The CIA estimates that 50 to 100 al-Qaeda activists may now be in Afghanistan, and there is no indication that the Taliban want to repeat the mistake of offering sanctuary to al-Qaeda.
[....]


In February, in the first exercise of Obama's new strategy, U.S. Marines conquered Marja, a minor district in Helmand province, the main center of the insurgency, but failed to oust the Taliban permanently.
[....]


According to Brig. Gen. Larry Nicholson, commander of the Marine expeditionary brigade in Helmand Province. `Most people here identify themselves as Taliban. [....]


Chomsky compares the situation being faced by the U.S. military forces to what U.S. forces confronted in Vietman in 1969.


[....] In 1969, Douglas Pike, the leading U.S. government scholar on Vietnam, lamented that the enemy--the National Liberation Front--was the only "truly mass-based political party in South Vietnam." Pike then recommended that the only way to overcome the NLF's political force was
by using our comparative advantage, violence--with horrifying results.

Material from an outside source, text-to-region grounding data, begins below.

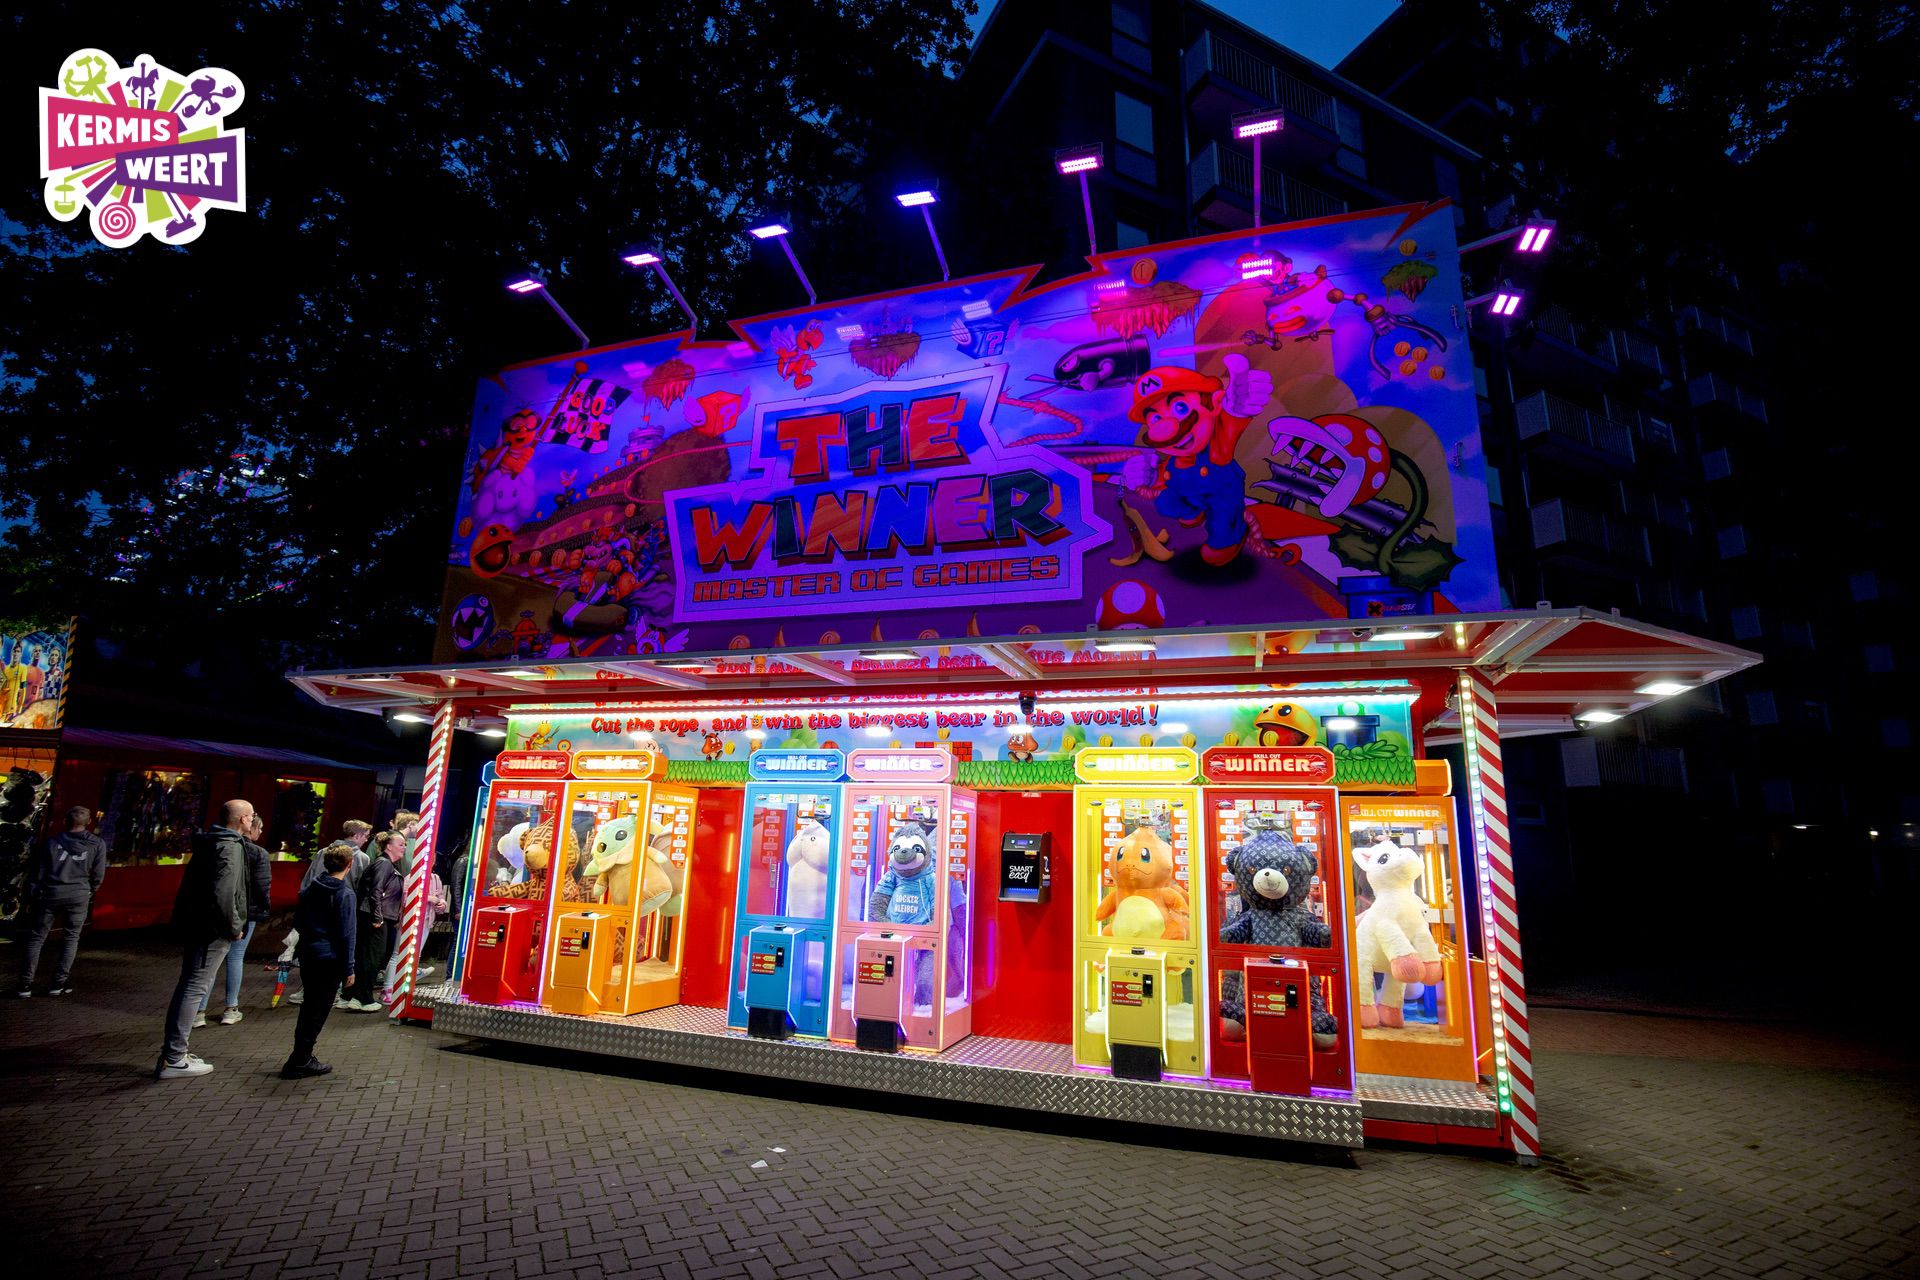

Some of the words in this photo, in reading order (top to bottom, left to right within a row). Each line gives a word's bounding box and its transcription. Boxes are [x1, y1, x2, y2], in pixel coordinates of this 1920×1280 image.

[571, 391, 616, 415] GOOD
[556, 415, 606, 441] LUCK
[776, 392, 968, 482] THE
[690, 468, 1068, 570] WINNER
[692, 571, 841, 603] MASTER
[913, 555, 1060, 588] GAMES
[591, 717, 622, 734] Cut
[626, 717, 655, 733] the
[712, 714, 747, 731] and
[765, 713, 804, 730] win
[808, 712, 842, 730] the
[848, 711, 929, 731] biggest
[935, 710, 987, 729] bear
[993, 709, 1018, 727] in
[1026, 709, 1065, 727] the
[508, 759, 558, 770] WINNER
[765, 759, 829, 771] WINNER
[864, 758, 933, 771] WINNER
[1096, 757, 1176, 772] WINNER
[1225, 758, 1312, 772] WINNER
[1377, 808, 1393, 817] CUT
[1393, 809, 1440, 818] WINNER
[1009, 865, 1034, 873] SMART
[1008, 870, 1030, 884] easy
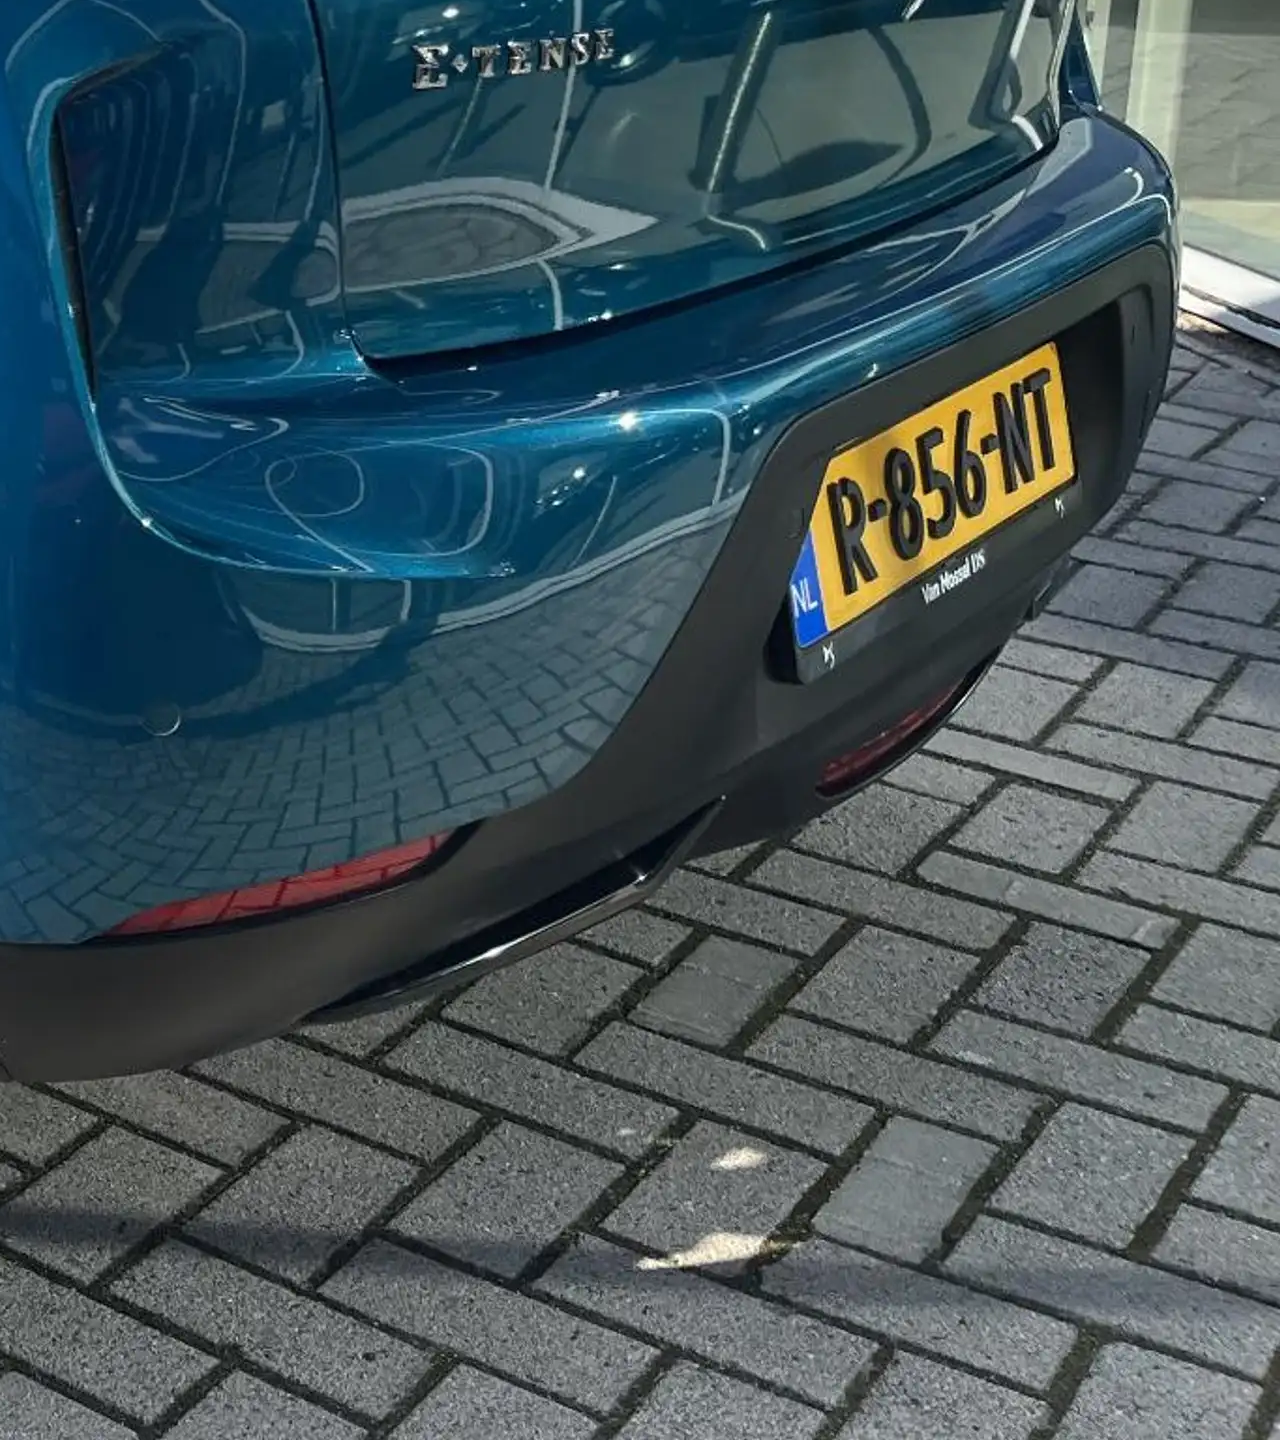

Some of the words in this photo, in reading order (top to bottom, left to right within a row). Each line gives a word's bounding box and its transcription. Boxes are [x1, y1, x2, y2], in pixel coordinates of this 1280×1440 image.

[826, 367, 1056, 595] R-856-NT
[791, 577, 818, 618] NL
[921, 583, 941, 604] Van
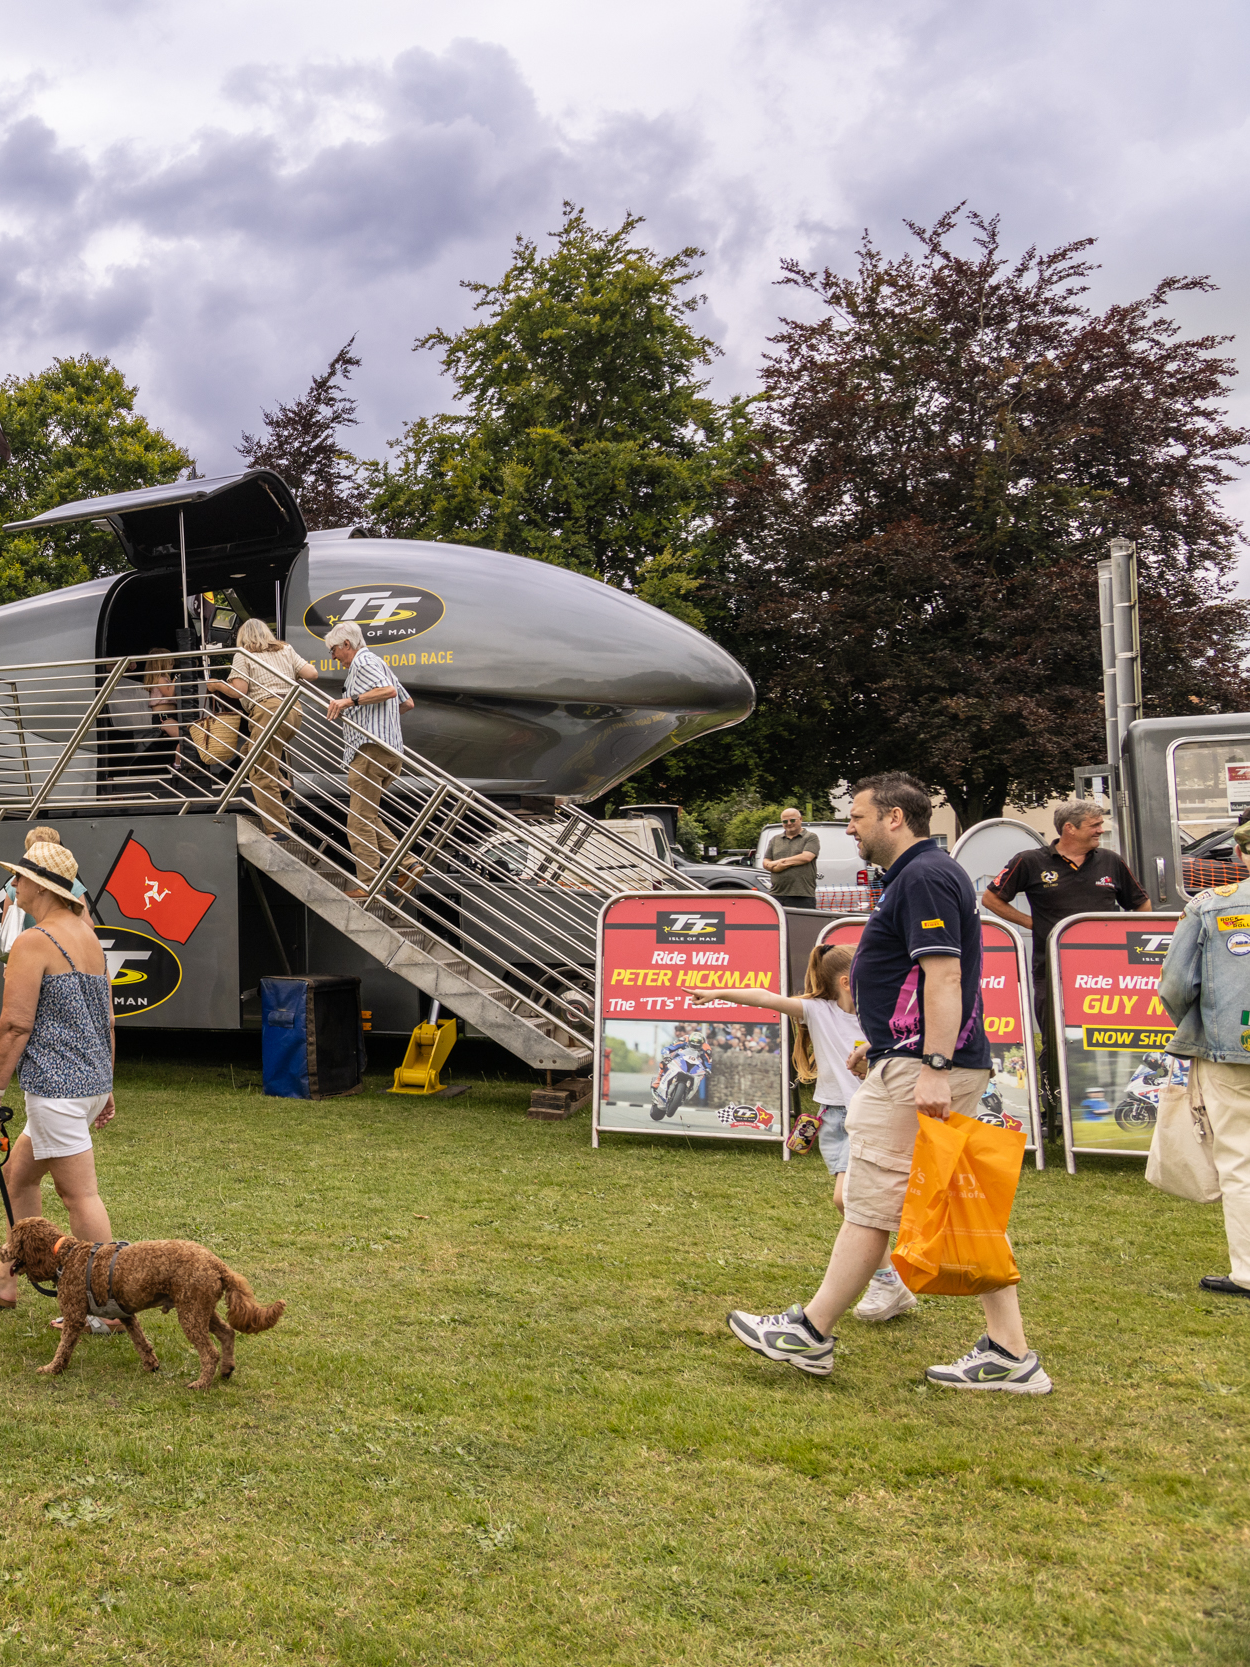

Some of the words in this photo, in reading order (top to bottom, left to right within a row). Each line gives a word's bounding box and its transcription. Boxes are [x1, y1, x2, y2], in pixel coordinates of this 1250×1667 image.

Chomsky also refers to other comparable unwinnable situation, for example to the Russians in Afghanistan during the 1980s, where they won every battle but lost the war.

[....]


After the Marja triumph, the U.S.-led forces were expected to assault the major city of Kandahar, where, according to a U.S. Army poll in April, the military operation is opposed by 95 percent of the population, and 5 out of 6 regard the Taliban as "our Afghan brothers"--again, echoes of earlier conquests. The Kandahar plans were delayed, part of the background for McChrystal's leavetaking.

Under these circumstances, it is not surprising that U.S. authorities are concerned that public support for the war in Afghanistan may erode even further.

In May, WikiLeaks released a March CIA memorandum about how to sustain Western Europe's support for the war. The memorandum's subtitle: "Why Counting on Apathy Might Not Be Enough."
[....]

Democratic societies rely not on force but on propaganda, engineering consent by "necessary illusion" and "emotionally potent oversimplication," to quote Obama's favorite philosopher, Reinhold Niebuhr.

The battle to control the internal enemy, then, remains highly pertinent--indeed, the future of the war in Afghanistan may hinge on it.

© The New York Times Syndicate

Noam Chomsky is Institute Professor & Professor of Linguistics (Emeritus) at the Massachusetts Institute of Technology, and the author of dozens of books on U.S. foreign policy. He writes a monthly column for The New York Times News Service/Syndicate.